*About this task*:
Restate, word for word, each entry that follows, but skip its pictures.

*Data to use*:
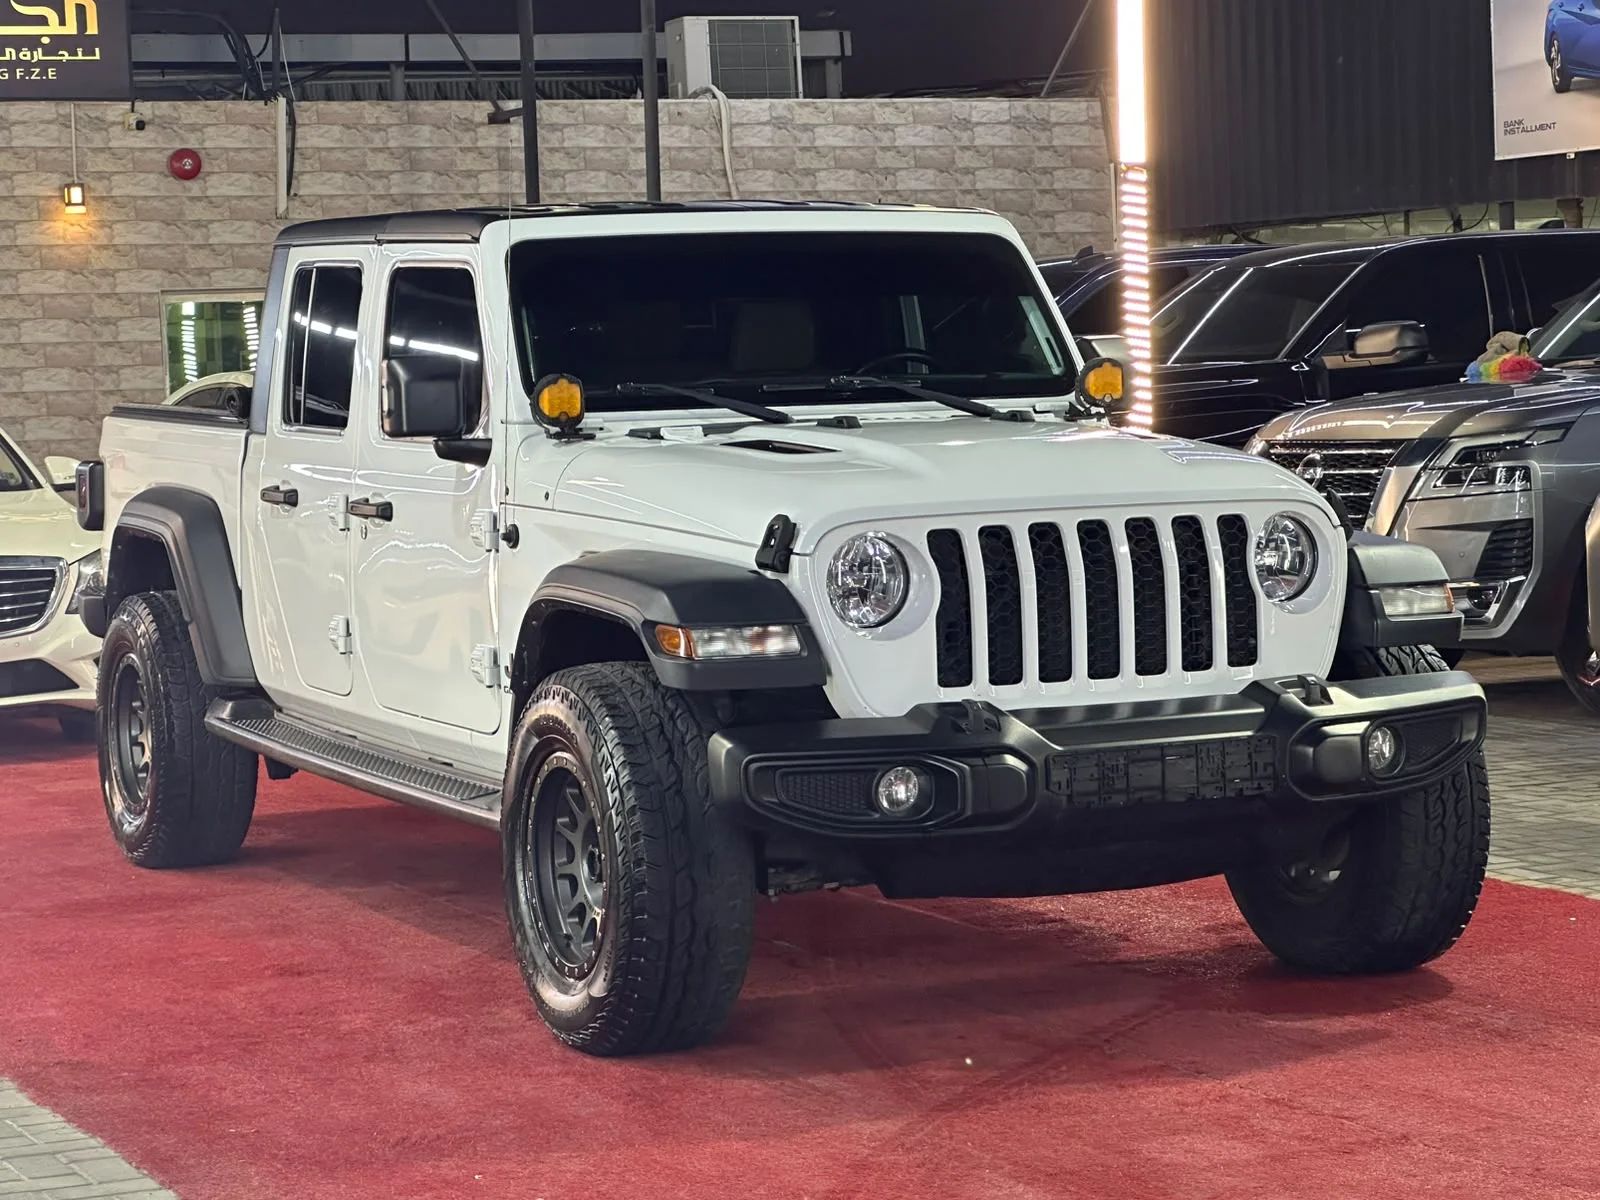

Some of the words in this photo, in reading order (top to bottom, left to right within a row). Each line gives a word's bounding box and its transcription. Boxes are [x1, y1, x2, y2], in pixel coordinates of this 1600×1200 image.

[0, 68, 9, 79] G
[15, 68, 57, 79] F.Z.E
[1503, 118, 1525, 128] BANK
[1503, 121, 1557, 136] INSTALLMENT

*Solved exercise*:
Some of the words in this photo, in reading order (top to bottom, left to right within a row). Each line gives a word's bounding box and its transcription. Boxes are [x1, y1, x2, y2], in pixel coordinates of this 1600×1200 image.

[0, 68, 9, 79] G
[15, 68, 57, 79] F.Z.E
[1503, 118, 1525, 128] BANK
[1503, 121, 1557, 136] INSTALLMENT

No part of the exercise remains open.